Kejari Batu Amankan Aset Pemkot Senilai Rp34,7 Miliar
Kota Batu | JATIMONLINE.NET,- Kejaksaan Negeri (Kejari Batu) mencatat hasil pemulihan aset milik Pemerintah Kota (Kota Batu) dengan nilai total Rp34,7 miliar hingga akhir 2025. Aset yang dipulihkan meliputi prasarana, sarana, dan utilitas (PSU), ruas jalan, serta sejumlah bidang tanah.
Penyerahan sertifikat hasil pemulihan aset tersebut berlangsung di lingkungan Pemerintah Kota Batu dan dihadiri jajaran Kejari Batu yang dipimpin Kepala Kejaksaan Negeri Batu, Andy Sasongko. Sejumlah perwakilan dari pemerintah daerah dan Kantor Pertanahan Kota Batu juga turut hadir dalam kegiatan tersebut.
Pemulihan aset ini dilakukan melalui pendampingan dan penelusuran oleh Seksi Pemulihan Aset dan Pengelolaan Barang Bukti (PAPBB) Kejari Batu, bekerja sama dengan Badan Keuangan dan Aset Daerah (BKAD) serta instansi terkait. Proses tersebut diarahkan untuk memastikan kejelasan status hukum aset daerah yang sebelumnya belum tertata dengan baik.
Andy Sasongko menyampaikan bahwa upaya pemulihan aset merupakan bagian dari tugas kejaksaan dalam mendukung penataan administrasi dan kepastian hukum atas barang milik daerah. “Kami membantu pemerintah daerah menyelesaikan persoalan aset agar ke depan tidak menimbulkan sengketa dan dapat dimanfaatkan sesuai peruntukannya,” ujarnya.
Ia menjelaskan, kegiatan penelusuran dan pemulihan aset juga berkaitan dengan upaya menjaga keuangan negara dan daerah, sekaligus mendorong pengelolaan aset yang lebih tertib sesuai aturan yang berlaku. Dalam hal ini, Kejari Batu berperan memberikan pendampingan hukum agar proses berjalan sesuai ketentuan.

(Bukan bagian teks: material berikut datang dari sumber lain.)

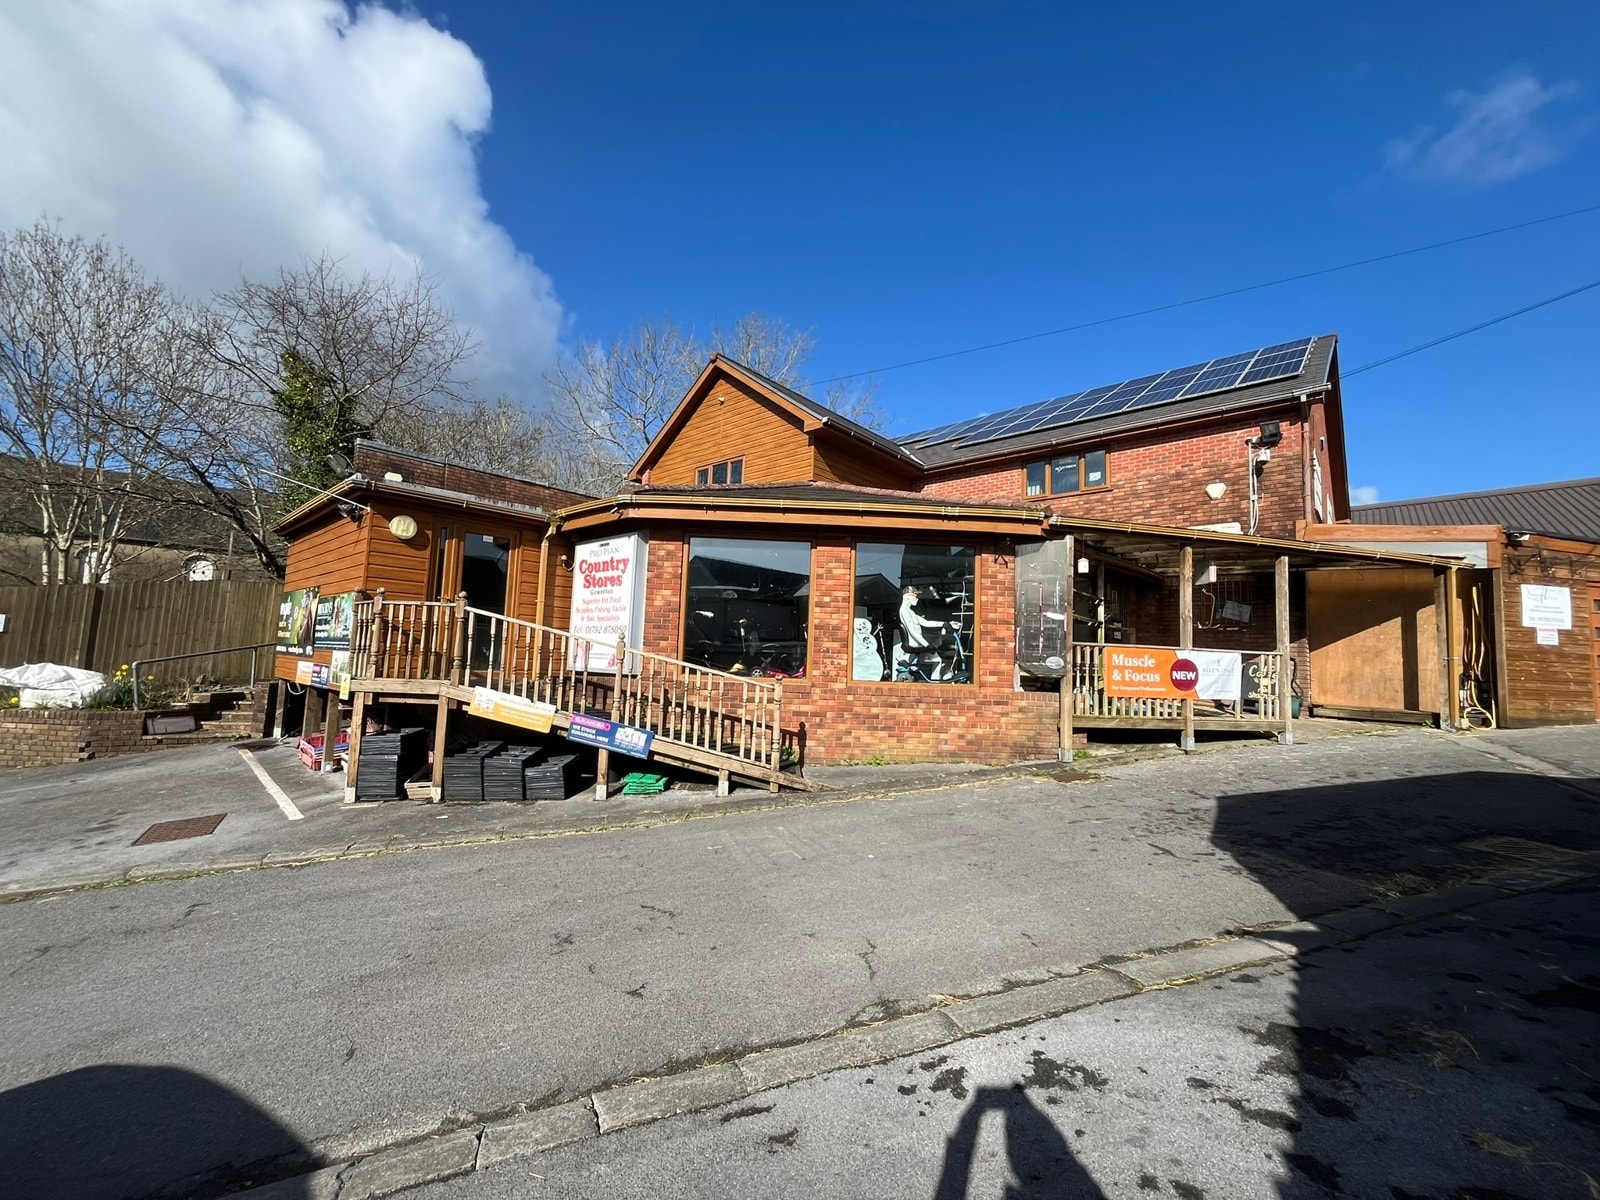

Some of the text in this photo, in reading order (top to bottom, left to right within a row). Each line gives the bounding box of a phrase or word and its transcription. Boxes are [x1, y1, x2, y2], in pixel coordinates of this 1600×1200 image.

Berdasarkan data yang disampaikan, pemulihan aset ini berawal dari sosialisasi yang dilakukan Kejari Batu pada akhir November 2025. Dari tindak lanjut tersebut, tujuh bidang aset berhasil diamankan, kemudian bertambah satu bidang lagi pada saat penyerahan sertifikat. Total luas aset mencapai sekitar 51.453 meter persegi atau 5,1 hektare.
Pemerintah Kota Batu menilai pemulihan aset ini penting untuk mendukung perencanaan dan pembangunan daerah. Dengan kepastian hukum, aset-aset tersebut dapat dimanfaatkan secara optimal bagi kepentingan publik.
Selain itu, Kantor Pertanahan Kota Batu turut berperan dalam proses sertifikasi dan penataan administrasi pertanahan. Kolaborasi antarinstansi dinilai mempermudah penyelesaian persoalan aset yang selama ini terkendala aspek legalitas.
Sebagai informasi, sebelumnya Kejari Batu juga terlibat dalam penyelesaian persoalan PSU di sejumlah perumahan di Kota Batu dengan nilai aset yang lebih besar. Upaya tersebut menjadi bagian dari rangkaian penataan aset daerah yang dilakukan secara bertahap.
Ke depan, Kejari Batu dan Pemerintah Kota Batu menyatakan akan melanjutkan koordinasi untuk menyelesaikan persoalan aset lain yang masih belum tertib, dengan tujuan meningkatkan akuntabilitas dan pemanfaatan aset daerah secara lebih maksimal. (den).